There was a long HN thread on this recently:
<https://news.ycombinator.com/item?id=5253176>

It would be interesting to watch what happens if and when they discover an
analogue of agriculture.

------
benaiah
How, if "for most of human existence, it was not normal for a man to know
which kids were his", would it then follow that, when the concept of private
property came about, "[t]he most intuitive arrangement was for a landowner’s
offspring to inherit it"? Wouldn't that be totally unintuitive if it was
normal to not know lineage?
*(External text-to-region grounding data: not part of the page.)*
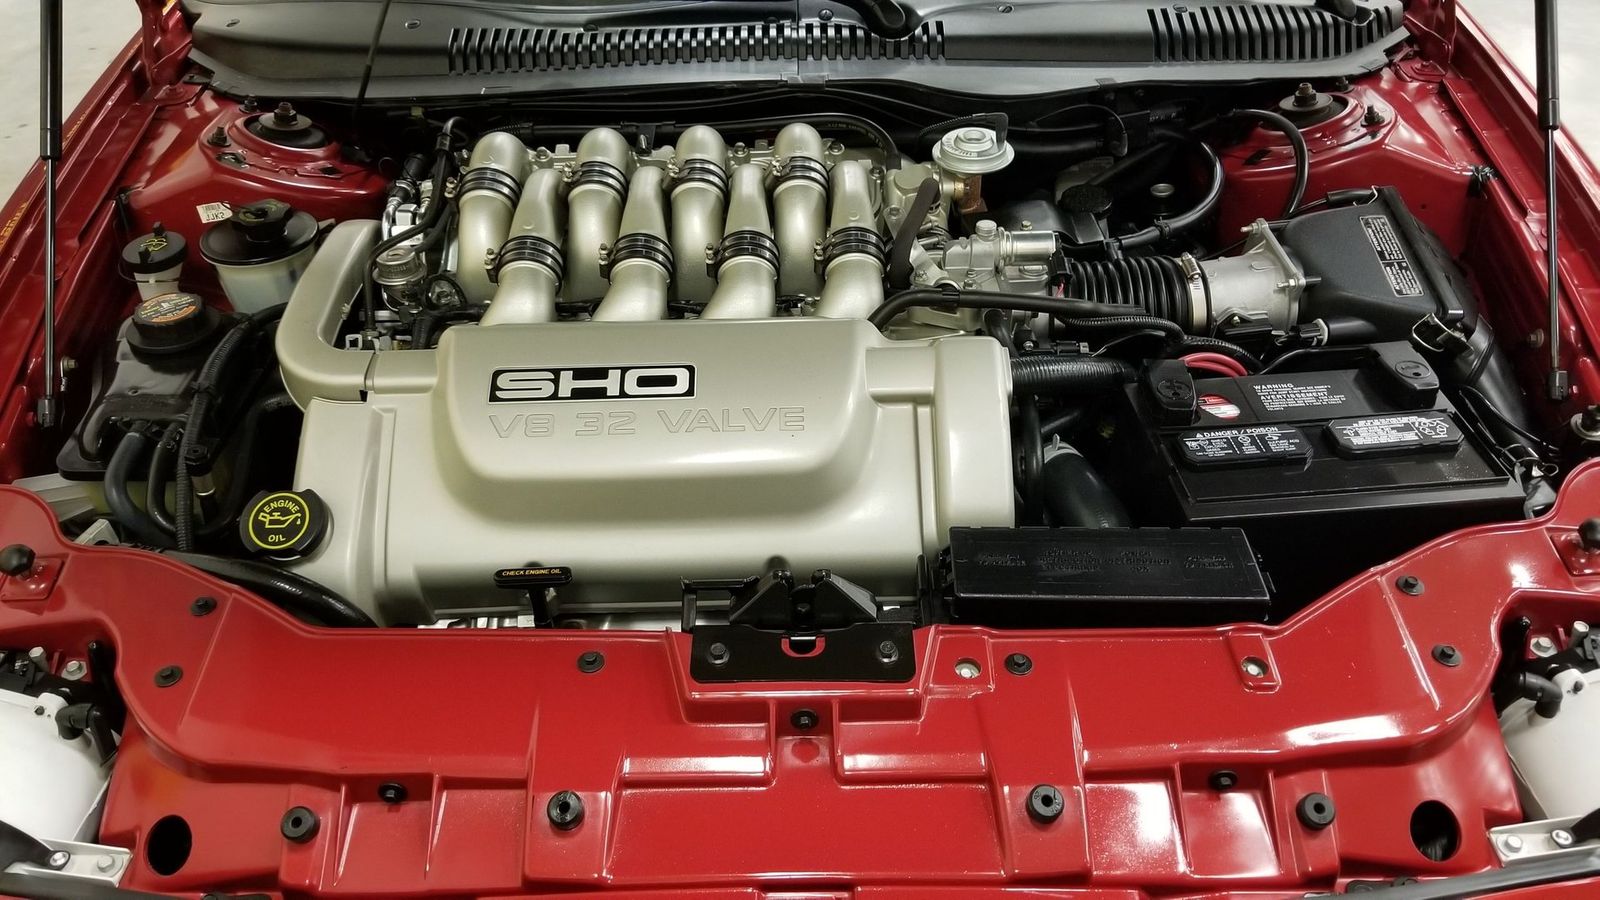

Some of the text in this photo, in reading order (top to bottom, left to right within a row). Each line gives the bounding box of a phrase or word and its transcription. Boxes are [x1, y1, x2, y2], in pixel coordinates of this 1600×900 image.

[495, 367, 690, 399] SHO
[1260, 392, 1328, 400] AVERTISSEMENT
[488, 407, 805, 438] V8 32 VALVE
[1203, 429, 1239, 438] DANGER
[1246, 426, 1279, 434] POISON
[263, 500, 300, 513] ENGINE
[268, 534, 287, 542] OIL
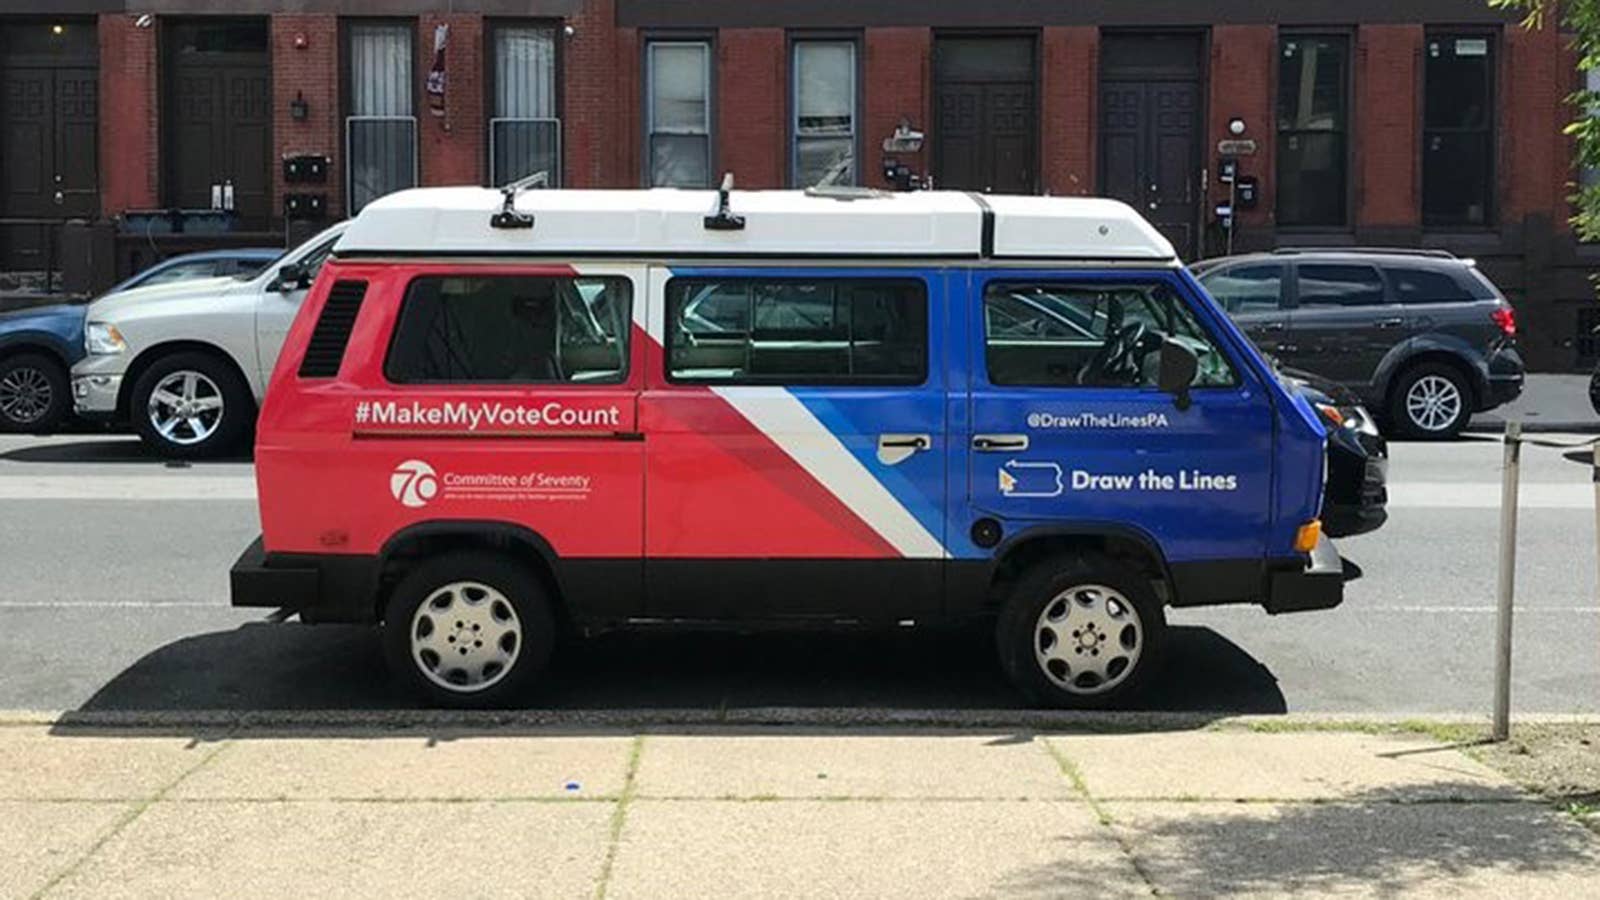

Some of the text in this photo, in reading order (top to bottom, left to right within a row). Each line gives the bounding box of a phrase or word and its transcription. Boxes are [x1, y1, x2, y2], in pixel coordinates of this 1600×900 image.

Which begs the question - if his first postulate
is true, what caused a total reversal of the situation?

The author makes enormous logical leaps with nothing but conjecture (corin_
pointed this out very well in another comment), practically inventing
narratives for huge amounts of history with little to no actual evidence to
support his suppositions (the concept of property didn't exist until
agriculture; primageniture and inheritance came about because they were
"intuitive", despite the fact that paternity wasn't normally known; etc.).
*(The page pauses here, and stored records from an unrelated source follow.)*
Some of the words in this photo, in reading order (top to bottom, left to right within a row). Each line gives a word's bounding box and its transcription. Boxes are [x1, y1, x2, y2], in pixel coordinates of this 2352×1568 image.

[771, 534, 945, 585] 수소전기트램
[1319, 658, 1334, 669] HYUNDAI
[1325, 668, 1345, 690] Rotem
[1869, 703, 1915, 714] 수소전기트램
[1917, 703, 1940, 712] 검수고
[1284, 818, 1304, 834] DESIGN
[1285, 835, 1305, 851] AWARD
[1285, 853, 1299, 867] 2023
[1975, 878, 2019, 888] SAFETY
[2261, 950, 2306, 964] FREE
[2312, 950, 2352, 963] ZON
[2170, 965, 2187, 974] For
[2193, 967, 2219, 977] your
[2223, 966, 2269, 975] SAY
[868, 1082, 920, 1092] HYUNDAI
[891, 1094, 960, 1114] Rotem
EDIT: Just as a disclaimer, I ascribe to a Christian viewpoint on history
(yes, I'm a young-earth creationist; yes, I've looked extensively at the
evidence; no, I don't really want to derail the discussion with an argument
about it) and morality, which includes sexual and marital monogamy, so I
disagree with pretty much everything in the article. My point here isn't
trying to convince anyone of that - I don't think the article stands even on
its own premises, and is a terrible mess of conjecture and inconsistency.
That's the only point I'm making.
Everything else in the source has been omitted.